My first night in Pamplona was not a comfortable one. Fed up with the added bulk and weight of my sleeping bag in my backpack, I had decided that I would send the bag back to the States during my “rest day” in Pamplona and so used last night as a trial run of sleeping only with my silk sleep sack. Bad idea. It was cold, and leggings, a tshirt, and a silk cover was not warm enough. (I later learned that blankets had been available for rent). The mattress was covered in plastic and dipped severely in the middle. Even worse, I woke up constantly to the throbbing of my own calf muscles. In my rush to get settled before the final “lights out,” I had forgotten to take my ibuprofen, and boy did I pay for it. I must have slept at some point because I remember dreaming, but whatever sleep it was remained fitful at best.
Suzi, Diana, and Miho had already moved on to the next town. The rest of us had decided to stay another day. Lukas and I had stayed at the same hostel; Danica and Colin (my “fiancé”) met up with us around 8am, which was past check-out time at all of our hostels. We needed to find somewhere to sit. That early, not too much was open. We were able to find a bar where we could fuel with the necessary coffee and egg sandwiches, charge my iPad and look for a place to sleep that night. I booked an apartment online that ended up being only 20 Euro apiece when split between the four of us. It was not far from the Camino route that we would take to leave the city, it had a private bathroom and – even better- no bunk beds! We were able to check in early and spent the first few hours in blissful sleep.

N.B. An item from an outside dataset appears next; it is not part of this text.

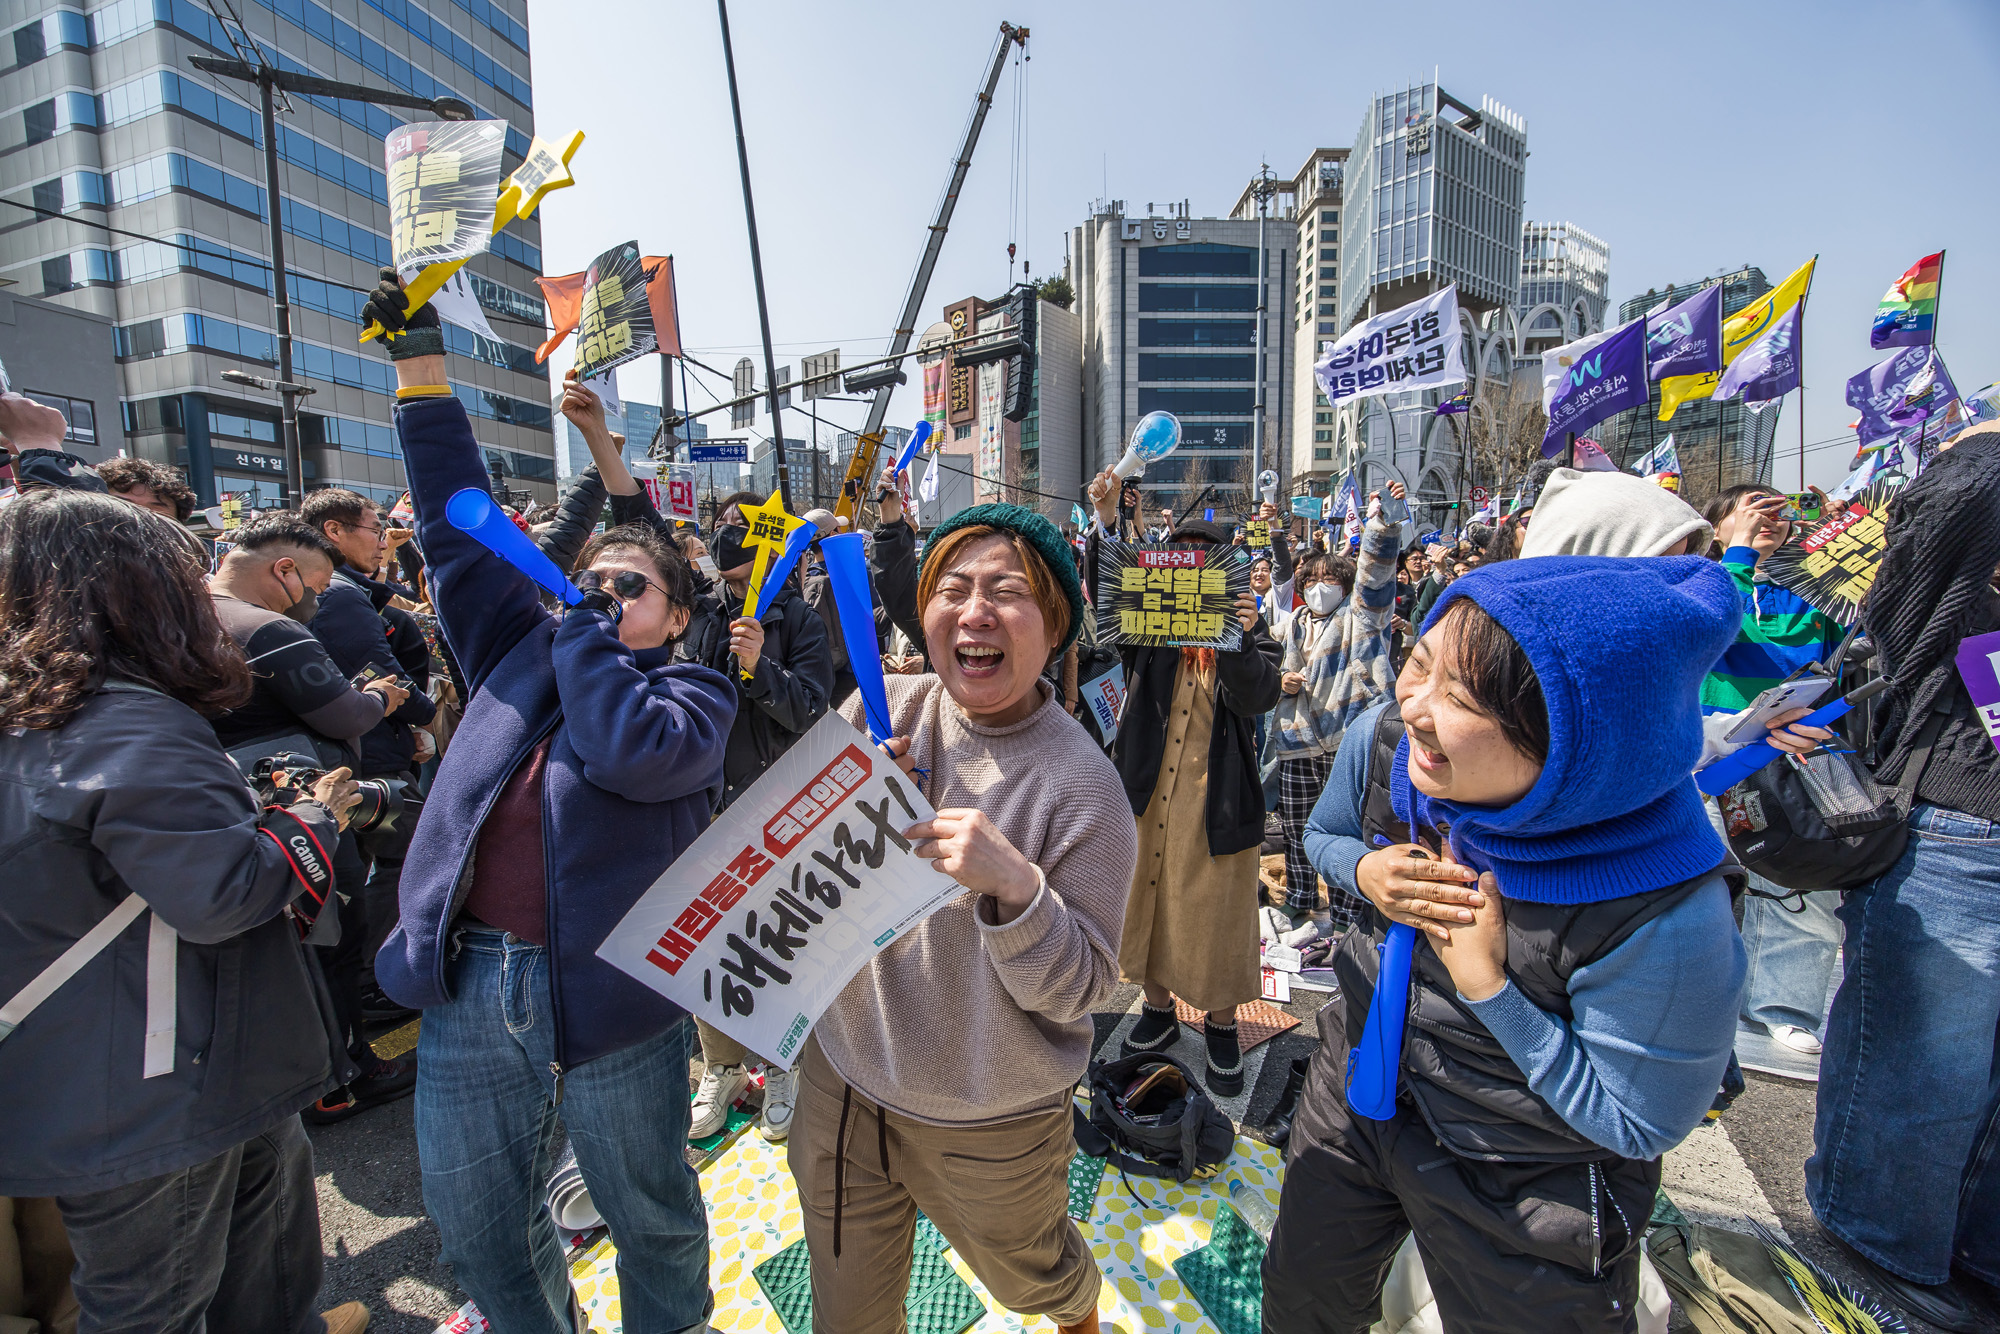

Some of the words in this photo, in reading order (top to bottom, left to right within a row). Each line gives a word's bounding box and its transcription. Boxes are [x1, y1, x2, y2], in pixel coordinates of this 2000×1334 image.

I wish I could tell you that I took advantage of this day to see all the sights of Pamplona, but I can’t. I was so damn tired. Most of the day was comprised of sleeping or errands: laundromat, post office (be gone, sleeping bag, bane of my existence!), pharmacy for blister bandages, supermarket. We did have a really nice picnic lunch in the park near our apartment because the weather was perfect. But I made good use of having a quiet and comfortable place to sleep!
Later on, we caught the (wrong) bus into the city center. Thursday nights in Pamplona are really the start to the weekend, with most bars and cafes offering special deals on tapas and drinks. The streets were packed with locals of all ages strolling, drinking beer and wine, and socializing. I love this about Spain. We enjoyed a really good platter of shaved Serrano ham and cheeses with bread. By 10:45, the night was still young for most of Pamplona, but some of us needed to get to bed. Danica, who had only planned to walk a portion of the Camino, had an early morning train, and I wanted to get up at a decent hour to start walking. We got a bit of flack from the guys, who stayed out much later (can’t say how much, since I was dead to the world as soon as my head hit the pillow and didn’t hear them return). But it felt good to be able to take some time out to recover and to give one of the cities on the Camino the attention it deserves.
Your photos brought back memories of 1975 for me. I had a picnic too in the park, went to 6 bullfights and enjoyed many menu del dias with a canadian guy I met. We would sit at separate tables because each table got a carafe of vino tinto, so we got to drink twice as much. Afterwards we would go sit out in the plaza & order 2 completos & sit at the same table & just watch the world go by. A completo comprised a coffee, a brandy & a cigar. As I didn’t smoke, my friend got 2 cigars!